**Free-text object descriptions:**
────────────────────────────────────────

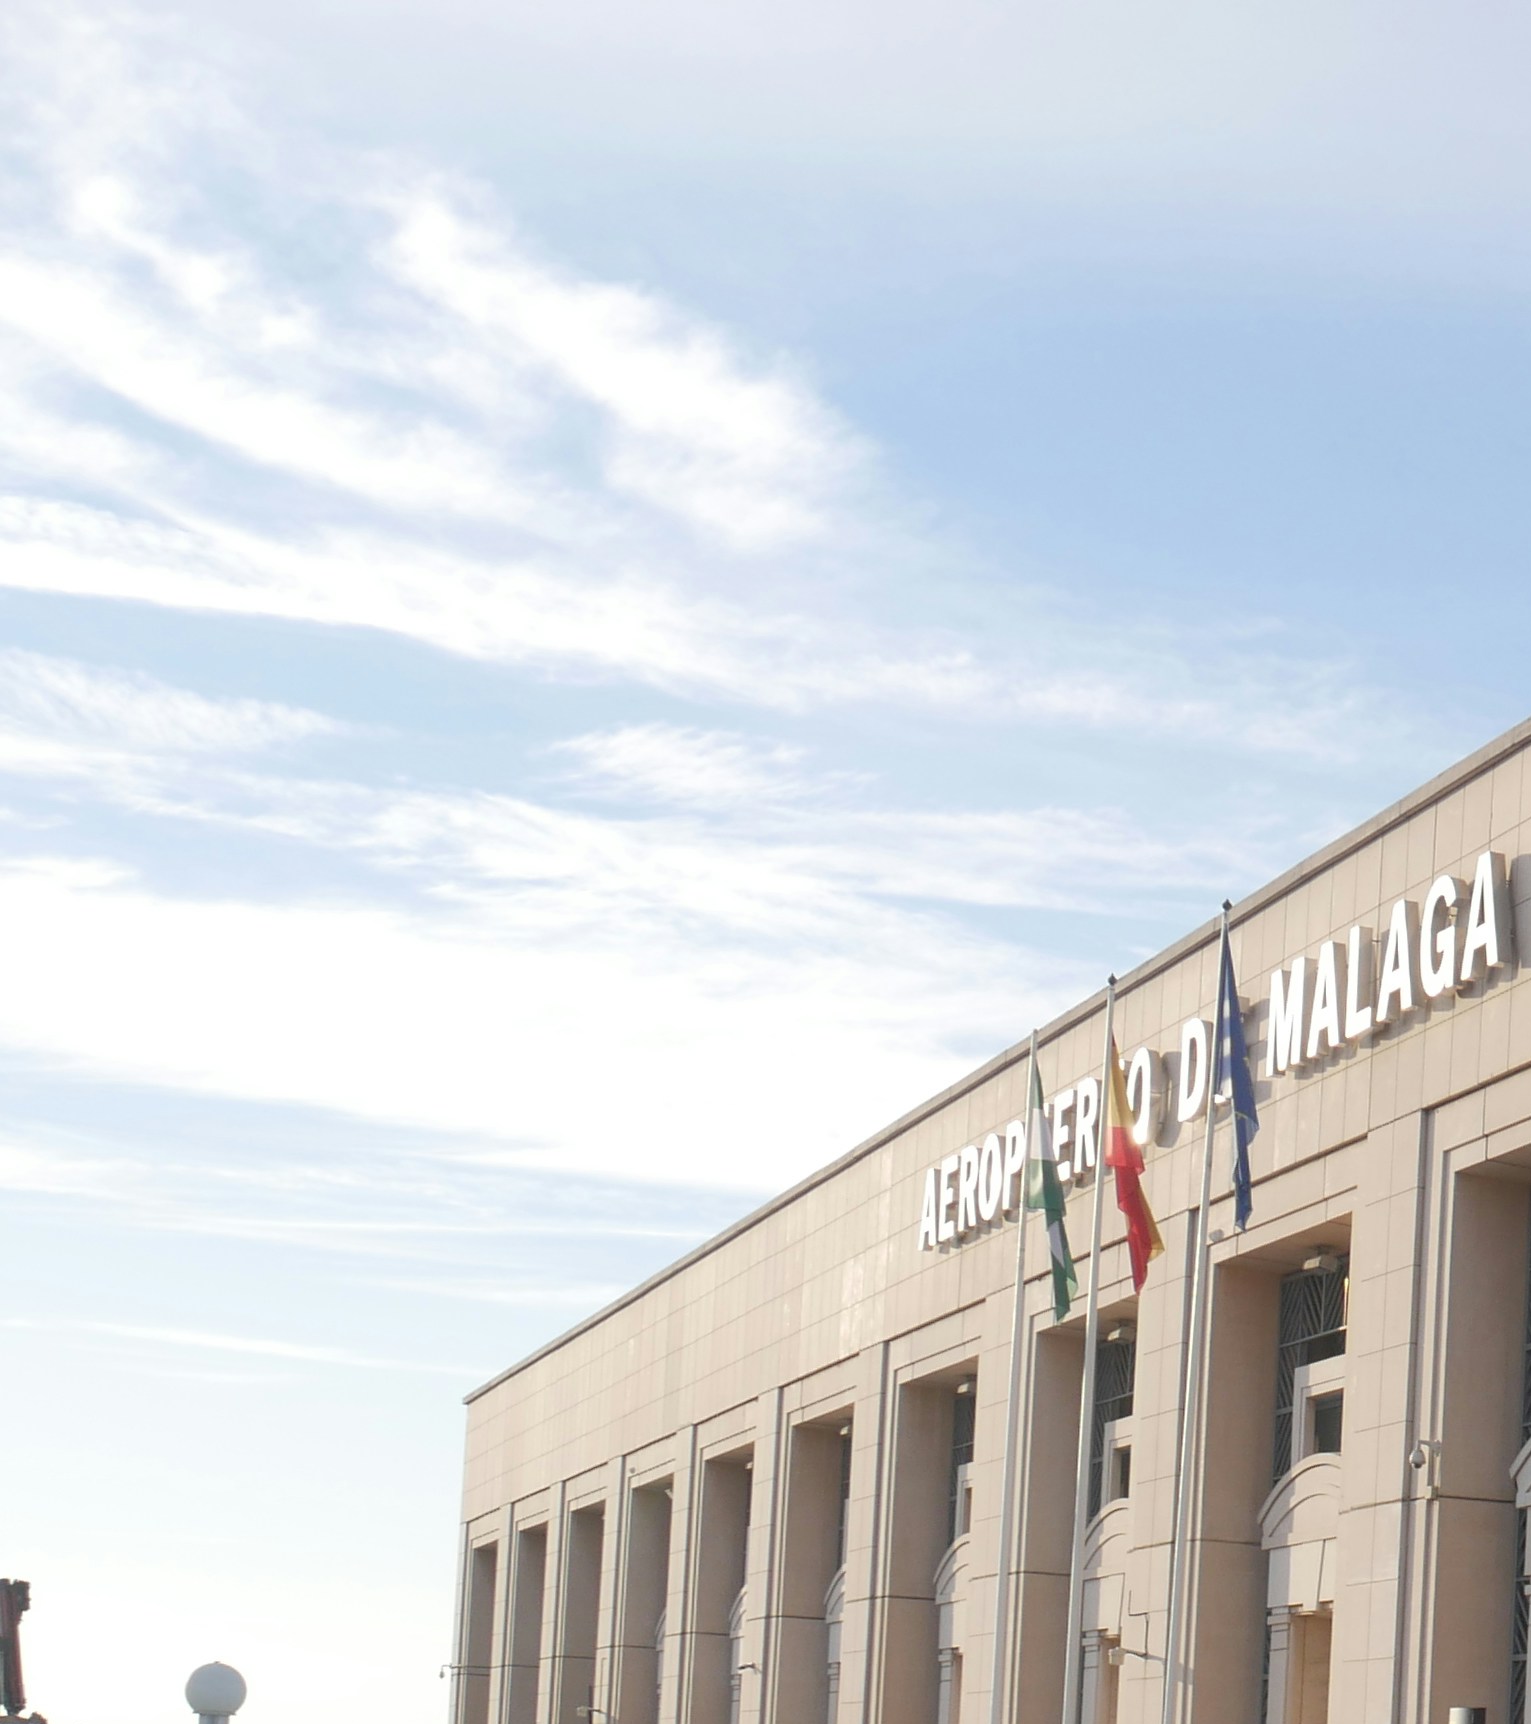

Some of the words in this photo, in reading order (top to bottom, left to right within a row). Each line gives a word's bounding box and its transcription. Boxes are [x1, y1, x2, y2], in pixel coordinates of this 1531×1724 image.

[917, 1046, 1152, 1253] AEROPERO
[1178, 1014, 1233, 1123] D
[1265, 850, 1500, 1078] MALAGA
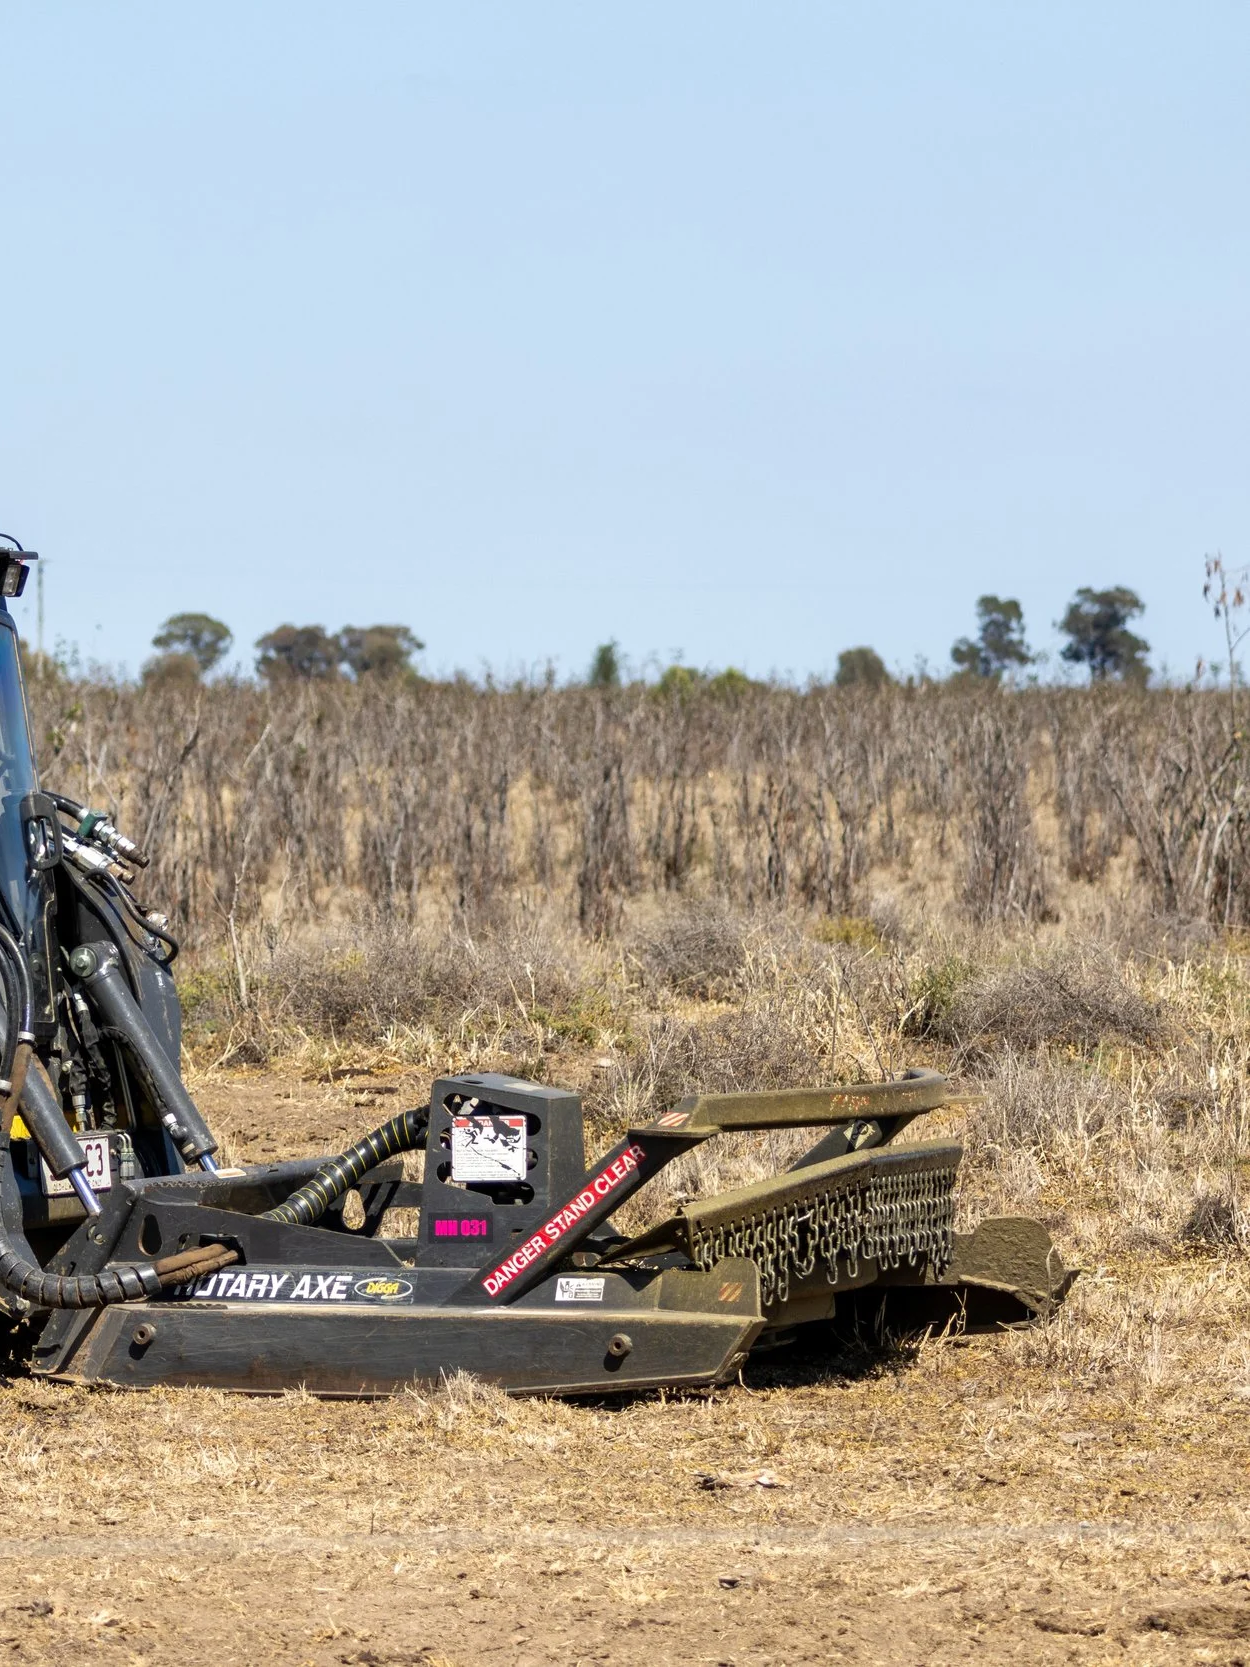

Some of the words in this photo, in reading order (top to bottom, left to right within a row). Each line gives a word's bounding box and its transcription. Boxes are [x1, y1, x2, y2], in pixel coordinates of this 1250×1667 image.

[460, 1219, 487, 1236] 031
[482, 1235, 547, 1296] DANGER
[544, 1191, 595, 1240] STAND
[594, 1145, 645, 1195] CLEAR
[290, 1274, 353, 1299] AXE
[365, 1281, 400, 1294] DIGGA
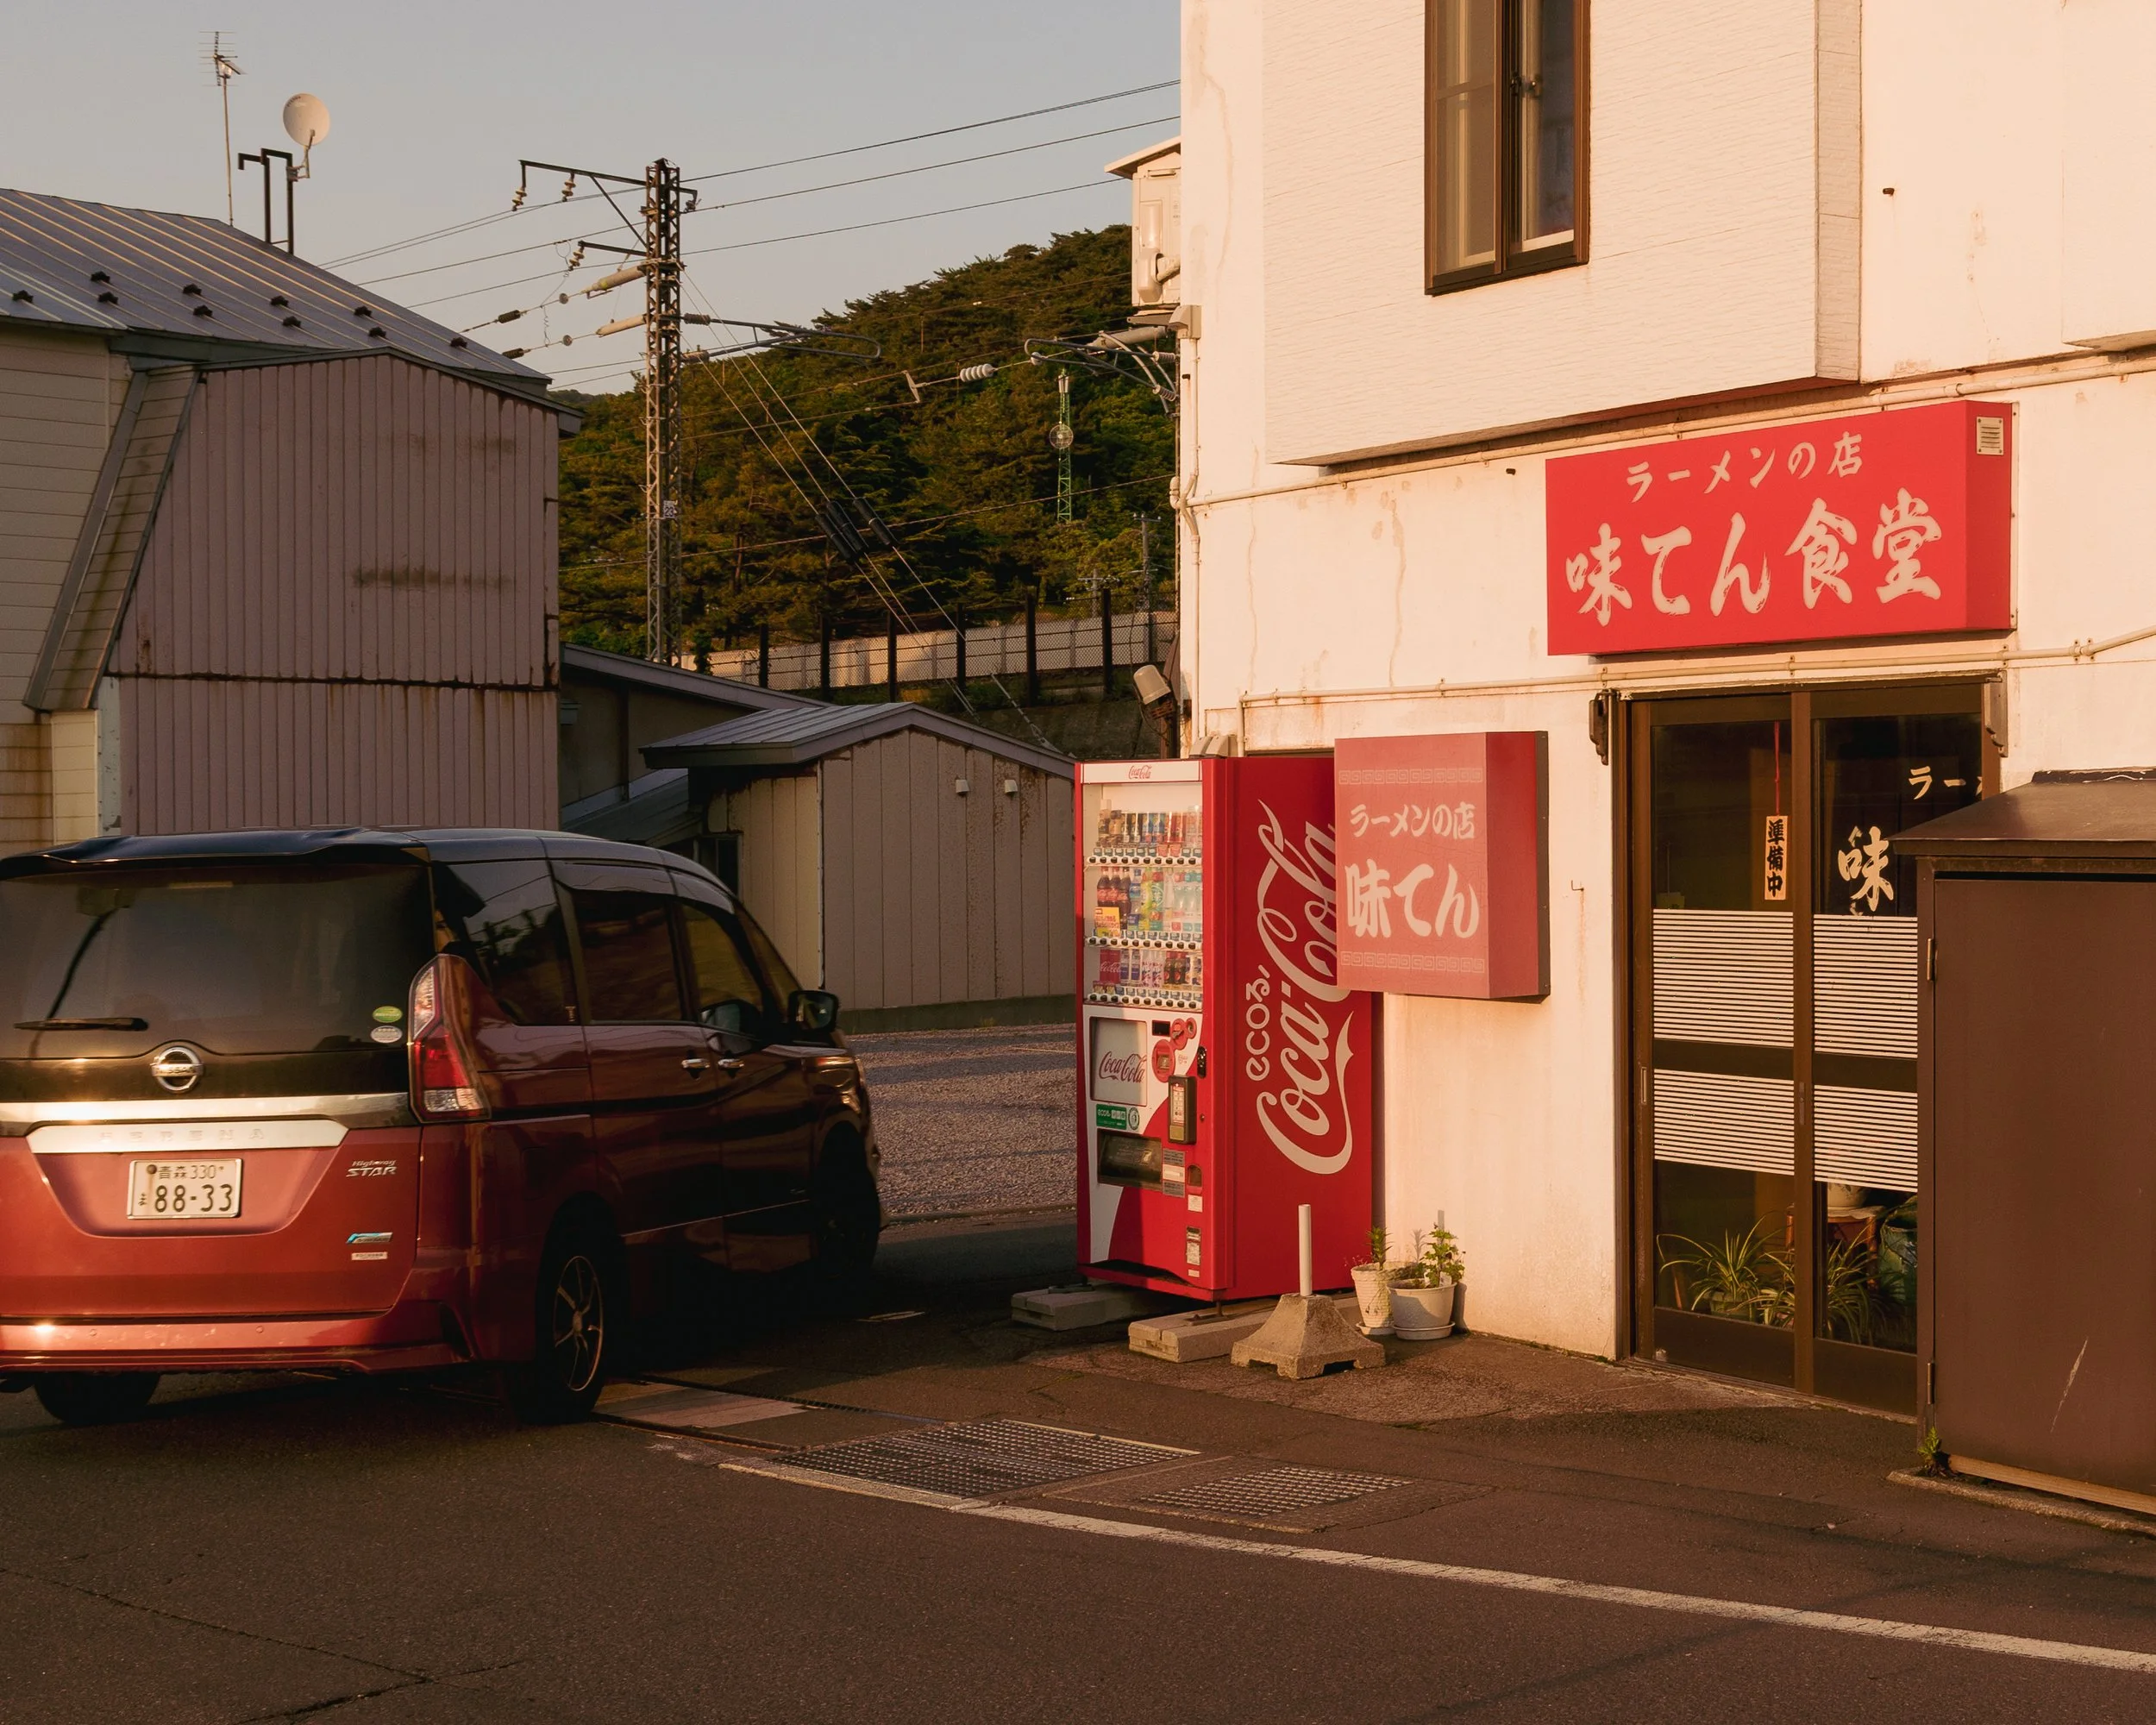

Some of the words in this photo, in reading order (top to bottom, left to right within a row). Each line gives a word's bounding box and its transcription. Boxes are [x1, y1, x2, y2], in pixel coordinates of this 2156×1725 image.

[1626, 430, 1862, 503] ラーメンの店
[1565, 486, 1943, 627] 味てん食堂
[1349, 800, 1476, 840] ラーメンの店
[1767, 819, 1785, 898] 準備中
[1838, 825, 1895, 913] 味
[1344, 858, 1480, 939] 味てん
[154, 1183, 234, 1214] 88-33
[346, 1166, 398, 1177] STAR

────────────────────────────────────────

**ABOUT THIS EXERCISE:** In your copy of the records above, include no pictures and match every line exactly.

**REPLY:**
Some of the words in this photo, in reading order (top to bottom, left to right within a row). Each line gives a word's bounding box and its transcription. Boxes are [x1, y1, x2, y2], in pixel coordinates of this 1531×1724 image.

[917, 1046, 1152, 1253] AEROPERO
[1178, 1014, 1233, 1123] D
[1265, 850, 1500, 1078] MALAGA

Some of the words in this photo, in reading order (top to bottom, left to right within a row). Each line gives a word's bounding box and its transcription. Boxes are [x1, y1, x2, y2], in pixel coordinates of this 1250×1667 image.

[460, 1219, 487, 1236] 031
[482, 1235, 547, 1296] DANGER
[544, 1191, 595, 1240] STAND
[594, 1145, 645, 1195] CLEAR
[290, 1274, 353, 1299] AXE
[365, 1281, 400, 1294] DIGGA

Some of the words in this photo, in reading order (top to bottom, left to right within a row). Each line gives a word's bounding box and its transcription. Boxes are [x1, y1, x2, y2], in pixel coordinates of this 2156×1725 image.

[1626, 430, 1862, 503] ラーメンの店
[1565, 486, 1943, 627] 味てん食堂
[1349, 800, 1476, 840] ラーメンの店
[1767, 819, 1785, 898] 準備中
[1838, 825, 1895, 913] 味
[1344, 858, 1480, 939] 味てん
[154, 1183, 234, 1214] 88-33
[346, 1166, 398, 1177] STAR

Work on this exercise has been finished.